Moving on, but perhaps also with an assist from those aforementioned wayward teens above, the PG-13 rated but adult-aimed wide audience comedy “Date Night” is also holding in far better-than-average fashion at third place with at an estimate $17.3 million for Fox. That’s only a very modest 31.4% drop from it’s opening weekend. In another very close finish, the new comedy-remake, the actor-driven farce directed by Neil Labute, “Death at a Funeral,” earned a solid estimate $17 million at fourth place, just a few million shy of its $21 million budget. Again, the “actuals” could reverse the order here.

Chris Rock and Tracy Morgan in

Coming in fifth is “Clash of the Titans,” at $15.77 million, which is holding a bit better than I expected. I think people just love hearing “release the kraken!”

It was also a very big weekend for a number of interesting films in limited release which all crowded theaters far more than the big mainstream films discussed above. Peter Knegt of Indiewire, has the details, but here’s my summary: The documentary (or is it?) featuring the highly touted street artist, Banksy, “Exit Through the Gift Shop,” did extremely well with a boffo per screen average of $20,750 on eight screens. That’s especially strong given the film is, as Knegt points out, not being released through a conventional distributor. Also, this year’s Best Foreign Language Oscar winner, “The Secret in Their Eyes” did a very good $17,600 on ten screens.
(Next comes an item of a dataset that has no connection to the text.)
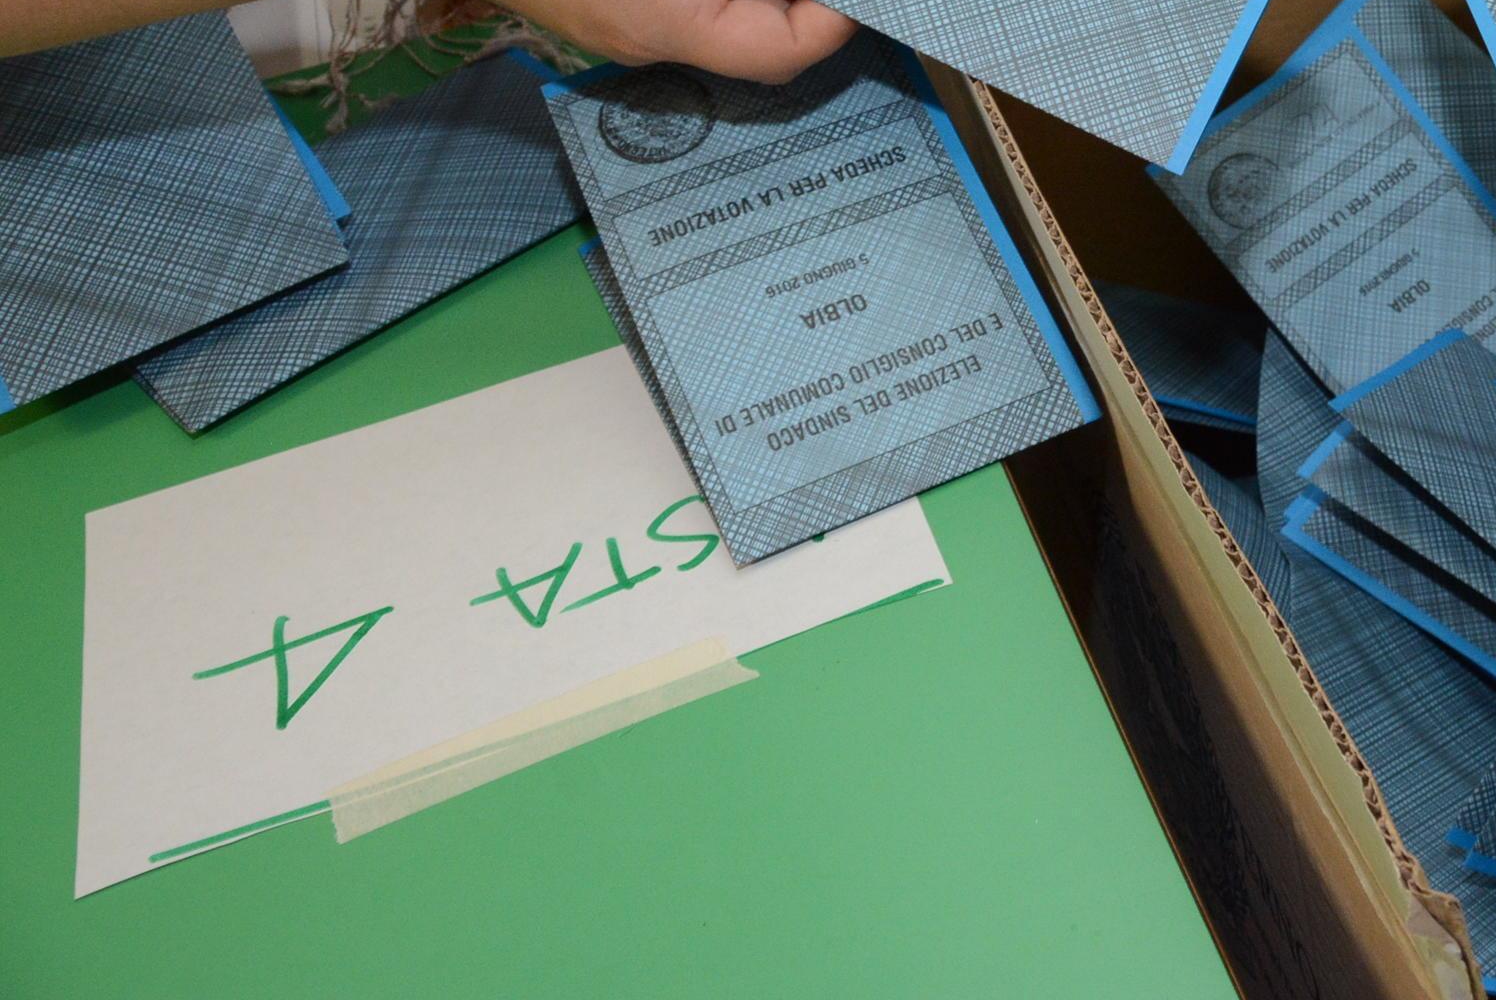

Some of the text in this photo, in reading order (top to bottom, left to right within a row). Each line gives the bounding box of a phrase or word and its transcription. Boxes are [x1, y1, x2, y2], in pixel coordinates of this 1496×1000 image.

The week’s per-screen king however was, as usual, on only one screen.  “The City of Your Destination” earned an excellent $22,000 on its debut weekend. It certainly helps that it reunites the octagenerian team of arthouse standbys, director James Ivory and writer Ruth Prawer Jhabvala with Anthony Hopkins who gave them two of their biggest successes with “Howard’s End” and “The Remains of the Day.”  Especially since they can’t market the film as “Merchant-Ivory” because legendary producer Ismail Merchant sadly died in 2005 and it has, so far, not quite set the critics on fire either, this might not do quite as well as those earlier films. However, if you need something to take your older, literate aunt to see, you could probably do a lot worse.